The B.C. government was right to fire the Vancouver School Board Add to ...

There is, of course, more behind the firing of the Vancouver School Board than the provincial government let the public know Monday. The other shoe in this sordid, drawn-out soap opera will drop soon enough.

But first let’s acknowledge that the government did the right thing – and likely should have done it long before now – by getting rid of a group dominated by apparatchiks of the civic Vision Vancouver party whose sole purpose was to act as an unceasing pain in the side of a government they ideologically oppose.

And be clear, the “children” for whom these Vision trustees have long purported to be fighting for have always been mere props in a larger war they’ve been waging as proxies of the provincial New Democrats.
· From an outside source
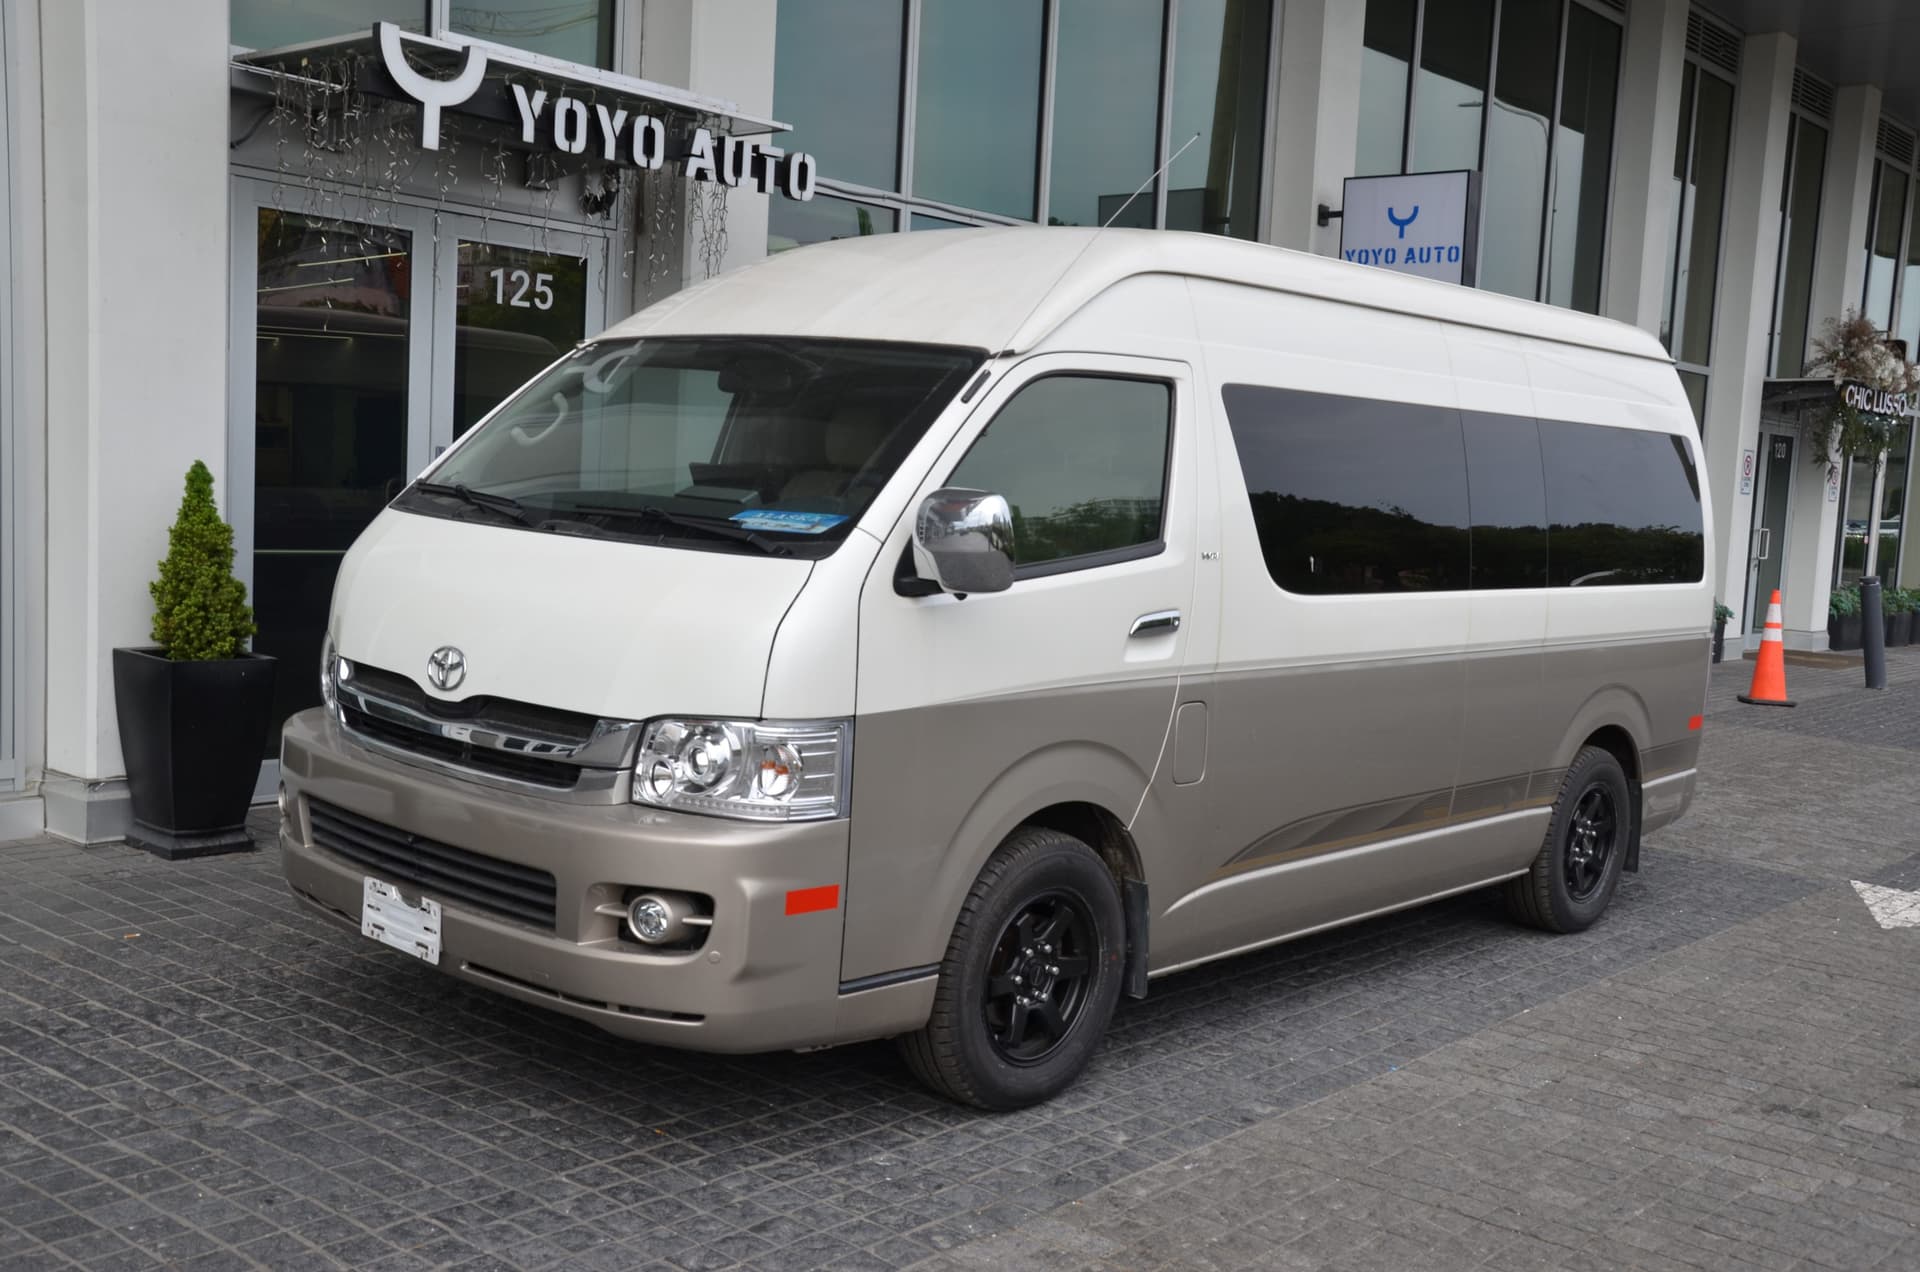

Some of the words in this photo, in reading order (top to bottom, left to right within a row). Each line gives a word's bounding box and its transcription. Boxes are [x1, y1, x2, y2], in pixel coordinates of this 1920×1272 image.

And the result has been what you might expect: turmoil, petty accusations and a stream of self-serving proclamations that they, and only they, know what is best for schools.

Related: Vancouver School Board fired amid dispute over budget, bullying allegations

Related: School board clashes in B.C. and across Canada attract scrutiny

Unfortunately, you can’t operate a provincial education system under such circumstances. Someone has to be the adult. If every district was intent on being the obstinate, ever-defying child the VSB had become with Vision Vancouver trustees in control, you’d have chaos. The VSB wanted special treatment; insisted on acting like it didn’t have to abide by the same rules as other districts around the province. Well, the board found out Monday it doesn’t work that way.

The recent strife mostly surrounded the board’s refusal to pass a balanced budget, which it’s obligated to under law. It also refused to close drastically under-utilized schools as a means of saving money that would help address the district’s fiscal challenges. The board recently did an about-face on the budget, saying it would balance its books at a meeting Monday night.

But many saw it as a political stunt, perhaps intended to blunt criticisms that may be coming down the road.

Amid the piercing complaints from Vision trustees that the provincial Liberals were ruining education, it was learned that the VSB’s six-person management team had gone on leave – in four cases related to stress. And the managers pointed the finger squarely at unnamed trustees as being the source of their anxiety.

WorkSafe BC is looking into the complaints. But a special adviser appointed earlier by the government to investigate the VSB’s financial and governance practices was also asked to look into the unprecedented leave-taking and accusations of bullying. The release of that report is being held up by a complaint made by a Vision trustee over privacy concerns. That grievance, in turn, is being considered by the Privacy Commissioner.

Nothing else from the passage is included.